At a leaf-a leaf of the wild oleander-on which was a speck that looked like a ladybird. Only-it was not that! But, instead, a drop of blood. A drop that glistened, as his eyes had glistened in the sun; a drop that a step or two further onward had a fellow. Then-nothing further.

"I hit him," Paz said, "somewhere. Only-did not kill." While, instantly he wheeled round and gazed full into Julian's eyes-his face expressing a very storm of demoniacal hate against the late owner of that drop.

"That," he almost hissed, "will keep. For a later day. When I know him."

They went now toward the house, each intent on his own meditations and with hardly a word spoken between them; or, at least, but a few words: Julian requesting Paz to say nothing of the incident, and the latter replying that by listening and not talking was the way to discover a secret.
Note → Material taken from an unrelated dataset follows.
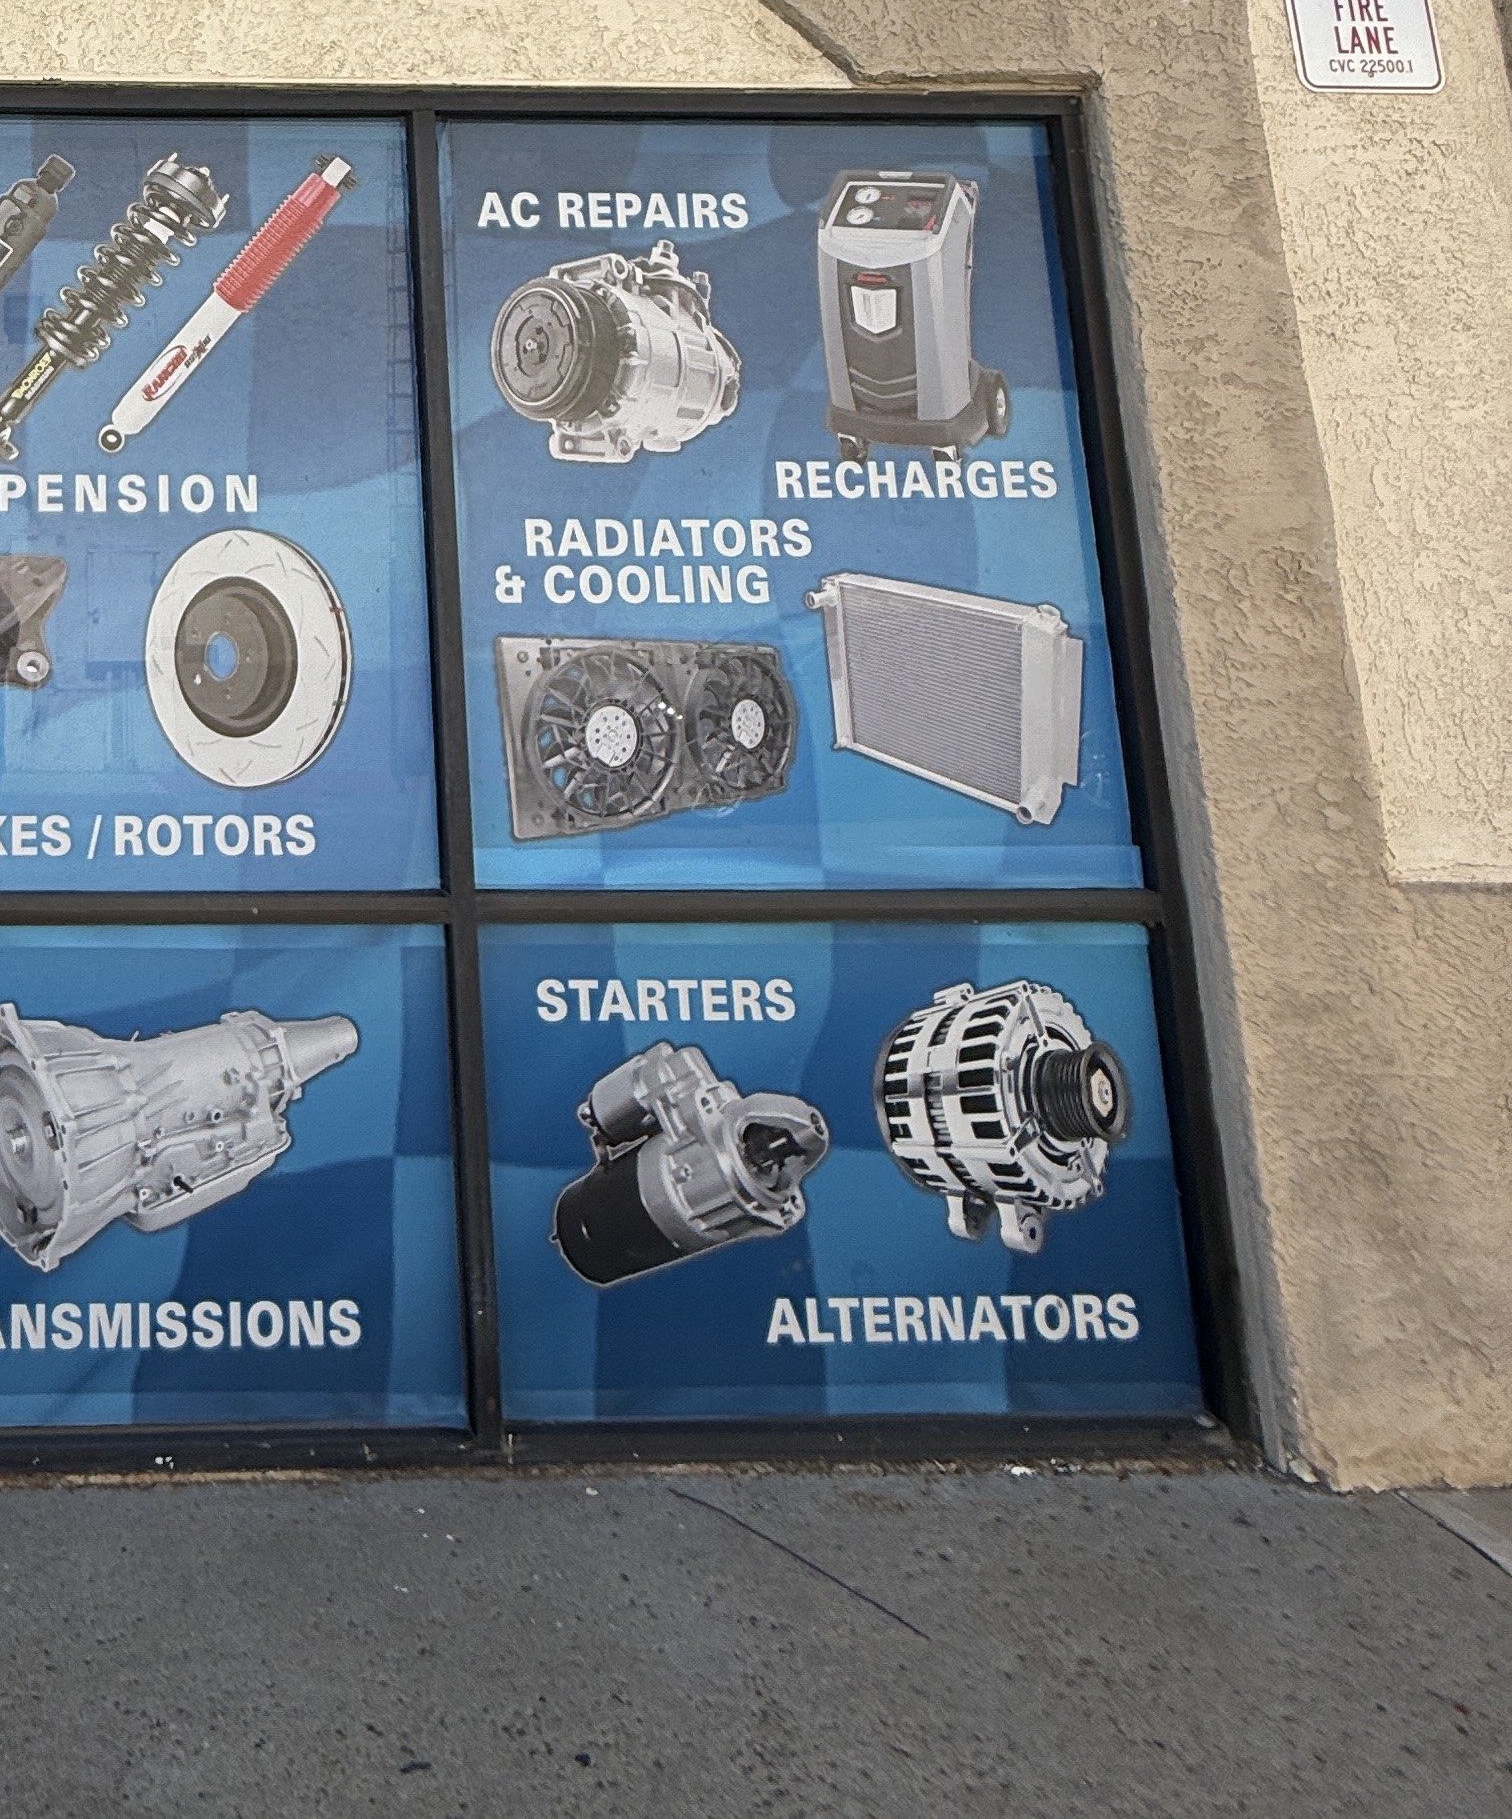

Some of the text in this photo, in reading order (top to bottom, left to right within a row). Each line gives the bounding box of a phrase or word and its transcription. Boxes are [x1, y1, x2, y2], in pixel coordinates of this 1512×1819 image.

"Ha! the gentle lady," said the half-breed now, as they observed Madame Carmaux seated on the veranda arranging some huge lilies in a glass bowl, while the form of Zara was observed disappearing into the house. "Ha! the gracious ruler and mistress." Then, as they drew near and stepped on to the veranda, Paz began bowing and scraping before the former with extraordinary deference. Yet, all the same, Julian observed that his eyes were roving everywhere around, and all over the boards near where Madame Carmaux sat, so that he wondered what it was for which the half-breed sought!